I generally don’t play the Call of Duty campaigns, instead opting to sink what little available time I do have into the competitive multiplayer modes where I spend most of my time anyway. Even last year, my Managing Editor covered the WWII campaign separately from the multiplayer coverage. With a lack of a campaign though, Treyarch really needed to set the bar high in terms of balance and fun. By bringing in a new Battle Royale mode on top of Zombies and Multiplayer, there really is a way to play for everyone, even if I am having a hard time juggling my time between the three modes.

So far, I’ve spent the most time in the competitive multiplayer modes. It’s easier to jump into that solo than it is waiting for my squad to get on and play Blackout. There are a handful of operators returning from Black Ops 3, along with a few newcomers. Each operator has a unique piece of equipment they can take into battle. Ruin has a grappling hook that can propel him in any direction quickly to reach cover. Others have tactical items, like Ajax’s 9-bang, a flash bang that can be charged to provide three distinct flash bursts. Equipment has to charge, much like each operator’s unique special ability, but the equipment charges a bit faster than their ultimate.

Certain maps seem tailored for different operators. Seaside sees more players using Torque in order to drop a ballistic shield on the stairs up to the high sniper perch. Ajax’s ballistic shield saw him clearing small rooms in several of the maps, and Firebreak’s reactor core was able to deal damage to hiding enemies without actually putting him into danger. I’ve said it before, but utilizing everyone’s special still feels key to a cohesive team and map control. I previously though this applied more to the objective game modes, but the more I play the more I realize how the operators come into play in every mode. I’ve been playing Black Ops 4 on Xbox One, and after playing Black Ops 3 exclusively on Playstation 4, I have noticed a higher caliber of players on Xbox. Don’t get me wrong, PS4 had plenty of great players, but when not playing with a group, I find my team managing to get spawn trapped or running down enemy monitored hallways to their death. More people are playing as a cohesive unit, and that’s a testament to how well Treyarch has crafted each of these operators to play as part of a team.
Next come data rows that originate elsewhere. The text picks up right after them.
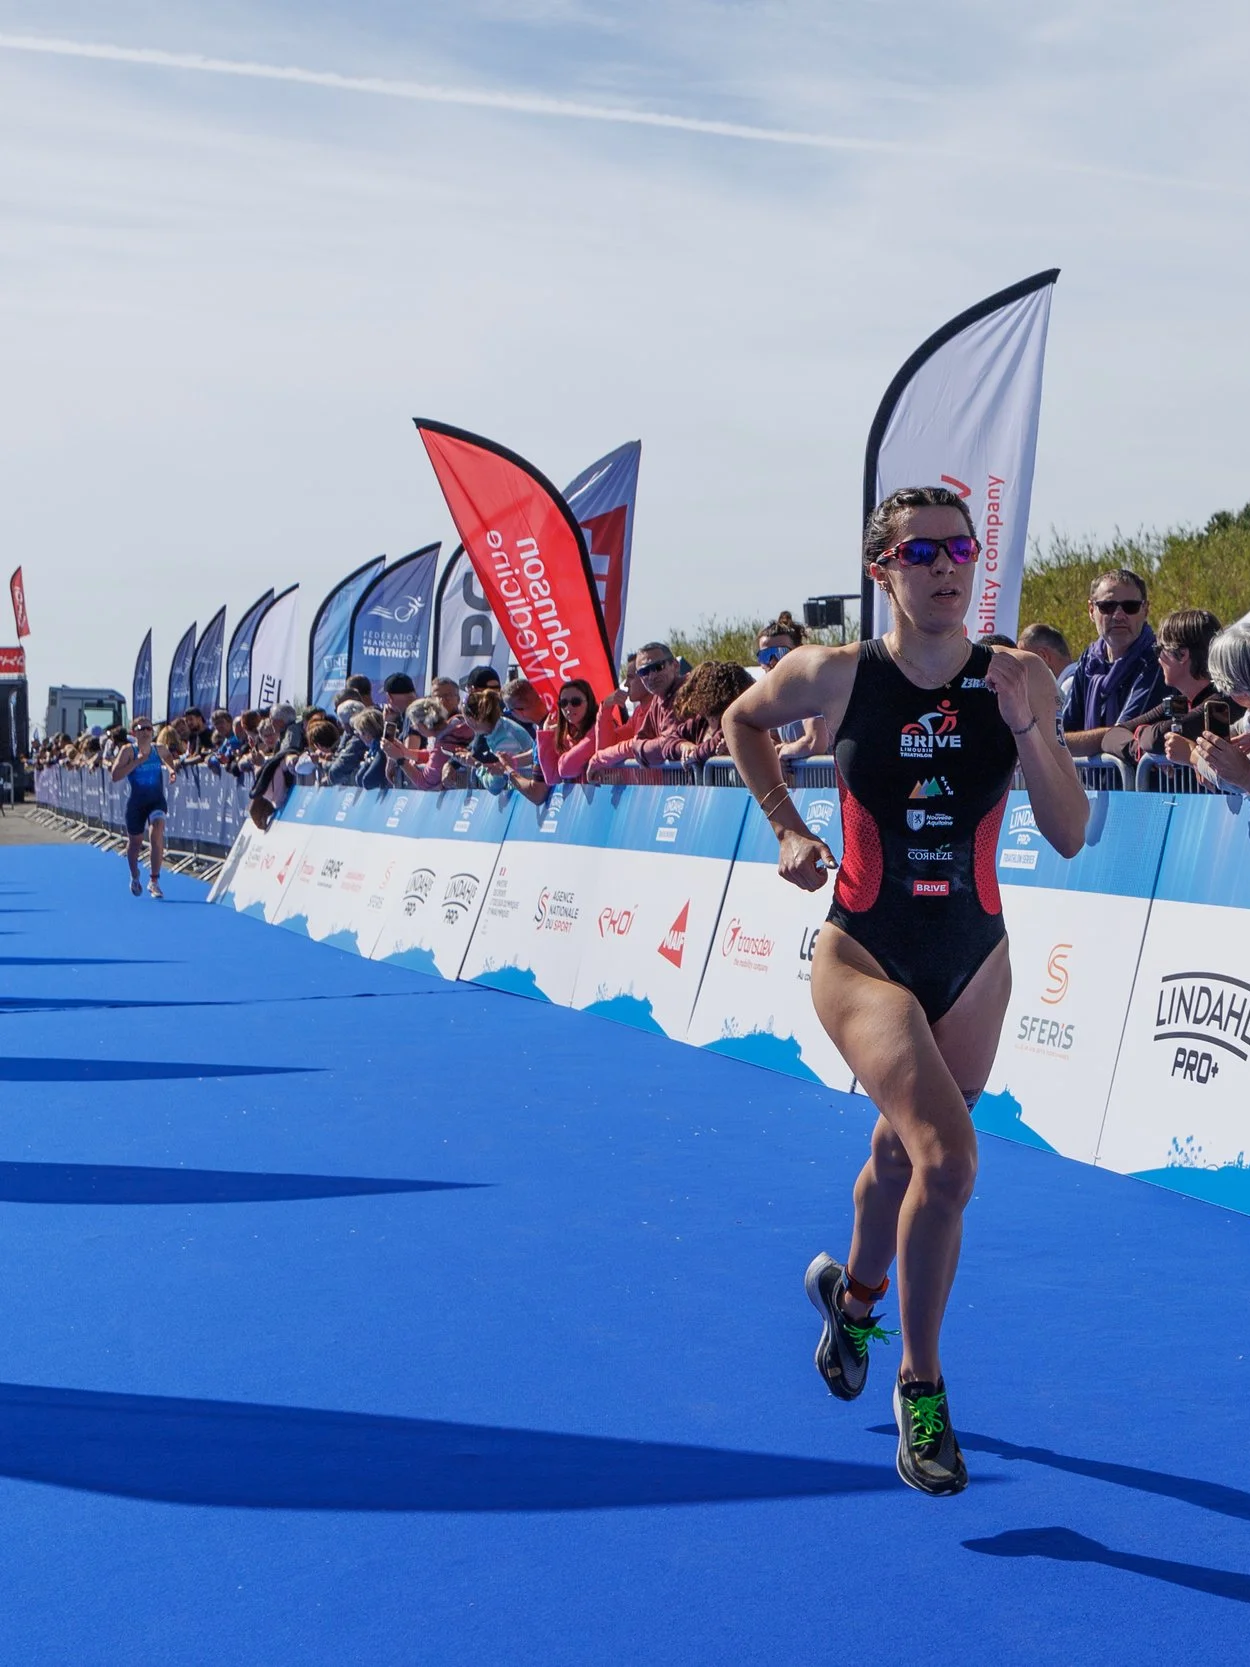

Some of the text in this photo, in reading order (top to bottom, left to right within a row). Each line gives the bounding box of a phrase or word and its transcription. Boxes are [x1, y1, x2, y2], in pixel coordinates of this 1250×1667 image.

[978, 474, 1006, 635] bility company
[362, 646, 420, 659] TRIATHLON
[1010, 810, 1036, 830] LINDA
[916, 884, 946, 892] BRIVE
[552, 890, 575, 904] AGENCE
[549, 905, 580, 920] NATIONALE
[553, 919, 573, 933] SPORT
[737, 932, 775, 957] transdev
[1171, 1047, 1219, 1085] PRO+
In addition to large specialist changes, Treyarch has changed the way players regenerate health. Instead of auto-regenerating, players have to manually heal. It’s a quick and easy button press, but requires a recharge before using again. Manually healing becomes second nature after a while, to the point where I try to heal after every encounter, even if I didn’t take any damage. It makes each encounter feel a bit more tactical, as it requires some extra thought if I’m going to push a corner or not to attack an enemy. Players that find themselves rushing into battle more often, like I do, may choose to equip extra equipment in the create a class menu that recharges the stim shot faster. Other equipment in that same menu exists as well, like body armor or a trophy system. There is a pretty massive amount of customization in the menu that suits most play styles, and even now after I’ve prestiged I don’t feel like I’ve found just the right fit for my classes.
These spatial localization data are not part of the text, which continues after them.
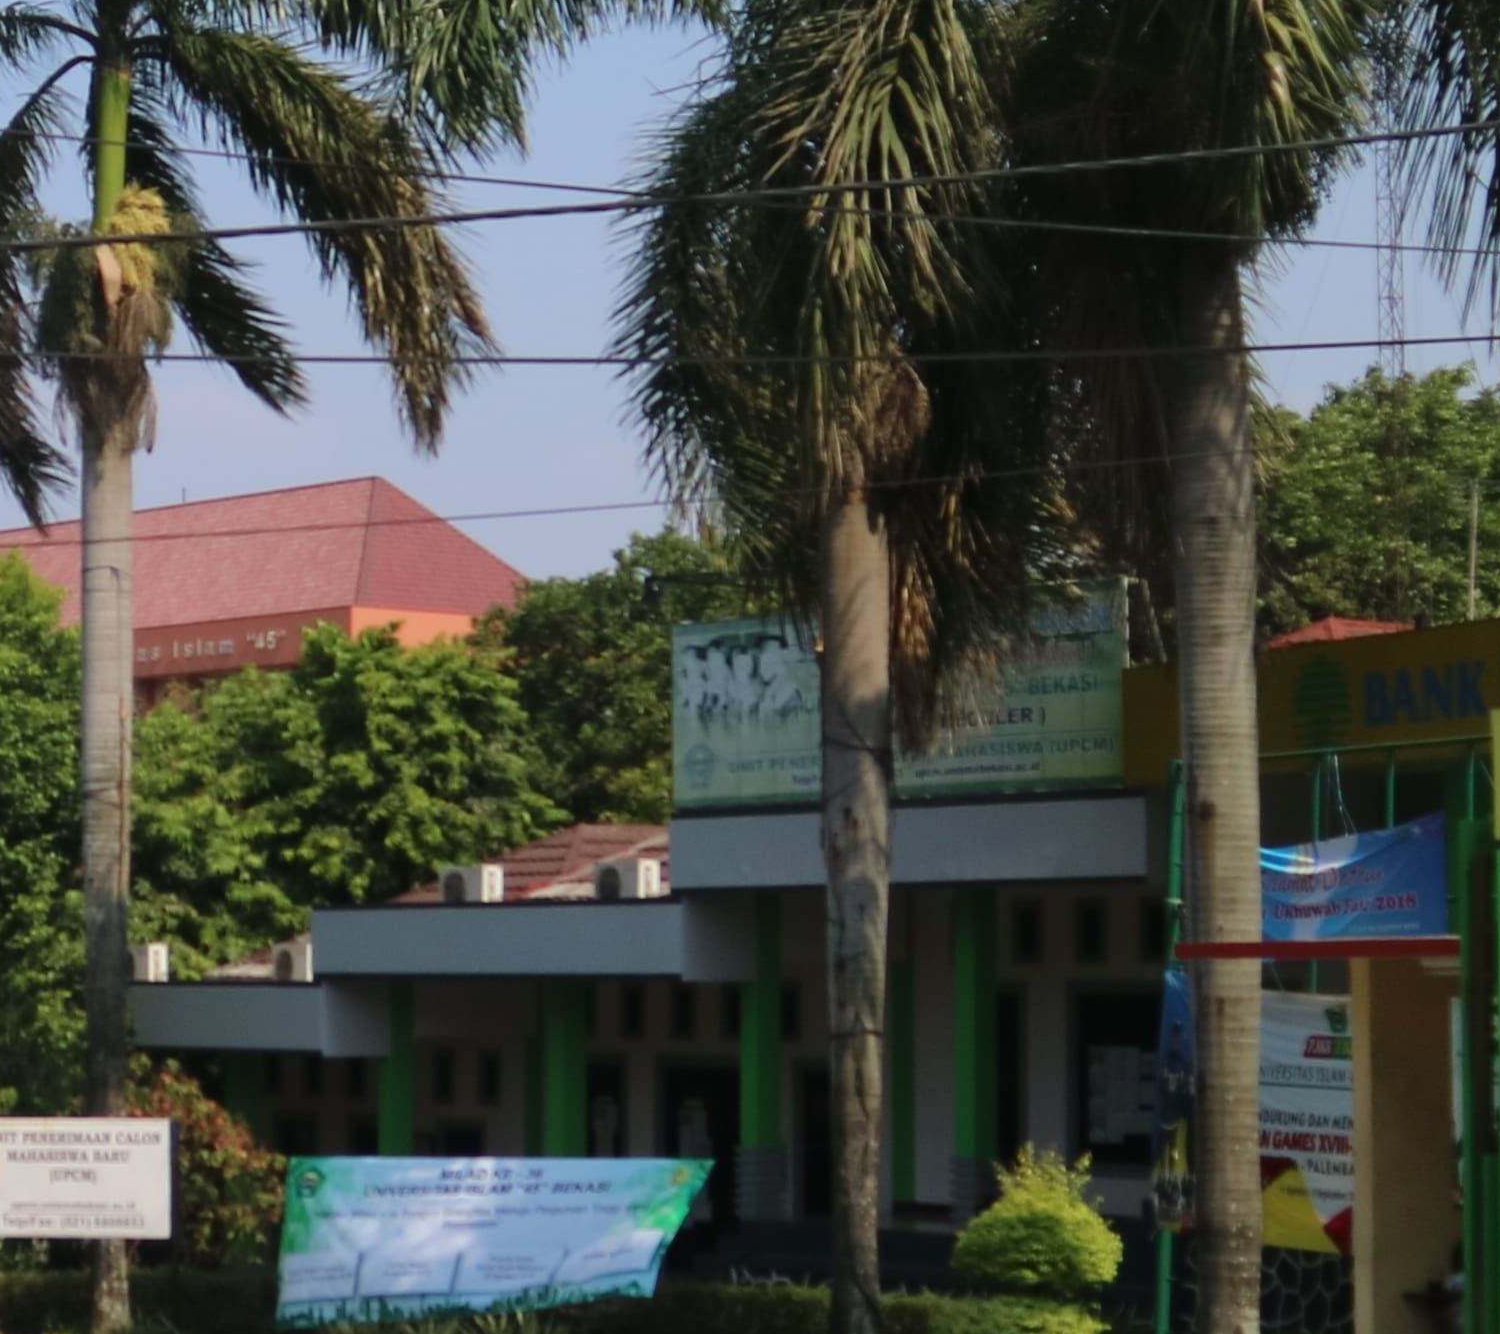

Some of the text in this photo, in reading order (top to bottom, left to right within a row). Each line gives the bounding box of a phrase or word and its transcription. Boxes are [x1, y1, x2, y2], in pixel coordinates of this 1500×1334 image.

[1364, 659, 1490, 727] BANK
[22, 1131, 110, 1145] PENERIMAAN
[116, 1131, 161, 1144] CALON
[1273, 1131, 1315, 1153] GAMES
[7, 1150, 89, 1162] MAHASISWA
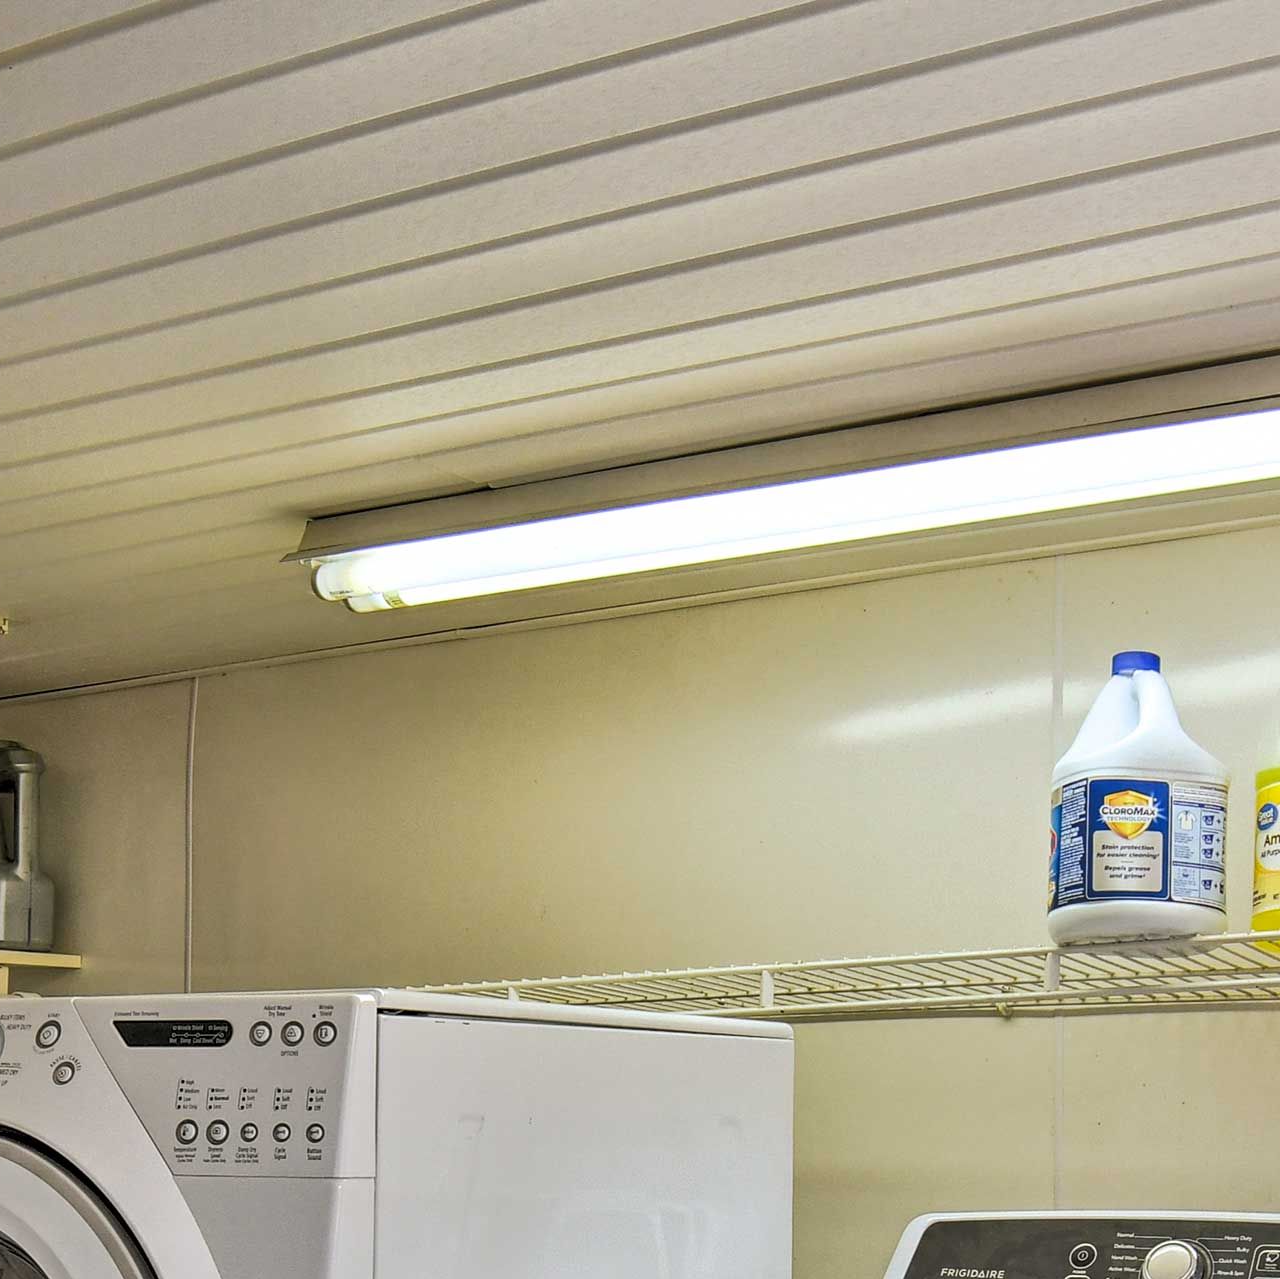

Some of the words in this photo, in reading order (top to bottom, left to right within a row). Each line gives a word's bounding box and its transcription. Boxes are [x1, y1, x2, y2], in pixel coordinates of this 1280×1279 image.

[1127, 865, 1151, 873] grease
[1218, 1257, 1233, 1265] Quick
[939, 1267, 1006, 1279] FRIGIDAIRE
During the beta, I felt like there were issues with balancing, and I still think they are present in the full release. During the two tests, I had issues with the time to kill against players wearing body armor. It feels better here, and going up against players with body armor equipped isn’t a death sentence anymore, even with the longer TTK. SMG’s during the tests, specifically the MX9 needed work, but now I think the assault rifles need work. The range of these weapons, combined with the low recoil on virtually every weapon in this class feels too high, and most of my deaths came from people turning on me with an assault rifle, despite me getting the first shot.

I’ve played a handful of modes in Black Ops 4, and most of them are the same as Black Ops 3. However, there are a few new modes included. Heist is probably the most notable, and it plays almost like a symmetrical hostage capture mode from Rainbow Six. Players start with a pistol and fight to bring a bag of money to the capture point. Throughout the match, players earn money that can be spent on guns, equipment, and even perks. It feels very “Counter-Strikey” with some unique twists on the game mode. Control is the other new mode, and features a ticket respawn system. Two control points are static as players fight to control them, and feels like a more tactical domination mode.

Those that are less skilled in Call of Duty’s multiplayer might have a harder time jumping into battle in this outing. The fights are more tactical, and the guns have some serious balancing issues that need worked out. Despite this, the more tactical gameplay really fits and without the jump boosting, helps slow things down in an already quick paced game. There are still many times when playing with an under-skilled team when we were getting worked up and down the map. Still, it’s a fun and satisfying multiplayer, with a strong progression system that starts unlocking new weapons and equipment, and doesn’t stop.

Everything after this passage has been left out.